The records START

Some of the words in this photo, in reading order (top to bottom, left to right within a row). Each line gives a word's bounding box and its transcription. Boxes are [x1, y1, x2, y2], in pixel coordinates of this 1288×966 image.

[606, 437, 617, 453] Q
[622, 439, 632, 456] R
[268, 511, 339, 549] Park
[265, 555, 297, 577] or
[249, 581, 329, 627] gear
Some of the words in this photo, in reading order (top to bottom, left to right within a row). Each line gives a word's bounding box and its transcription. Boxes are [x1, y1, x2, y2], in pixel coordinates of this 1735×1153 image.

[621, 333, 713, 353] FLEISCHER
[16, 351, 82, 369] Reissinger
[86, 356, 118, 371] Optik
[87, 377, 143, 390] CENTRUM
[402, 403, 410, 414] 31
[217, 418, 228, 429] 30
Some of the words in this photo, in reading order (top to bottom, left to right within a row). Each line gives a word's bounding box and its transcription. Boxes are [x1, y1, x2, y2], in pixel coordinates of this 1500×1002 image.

The records END

— Action item —
Repeat only the lines starting at the one that contains "this 1735×1153 image." and ending at the last line above, exactly as written.

— Answer to this problem —
Some of the words in this photo, in reading order (top to bottom, left to right within a row). Each line gives a word's bounding box and its transcription. Boxes are [x1, y1, x2, y2], in pixel coordinates of this 1735×1153 image.

[621, 333, 713, 353] FLEISCHER
[16, 351, 82, 369] Reissinger
[86, 356, 118, 371] Optik
[87, 377, 143, 390] CENTRUM
[402, 403, 410, 414] 31
[217, 418, 228, 429] 30
Some of the words in this photo, in reading order (top to bottom, left to right within a row). Each line gives a word's bounding box and its transcription. Boxes are [x1, y1, x2, y2], in pixel coordinates of this 1500×1002 image.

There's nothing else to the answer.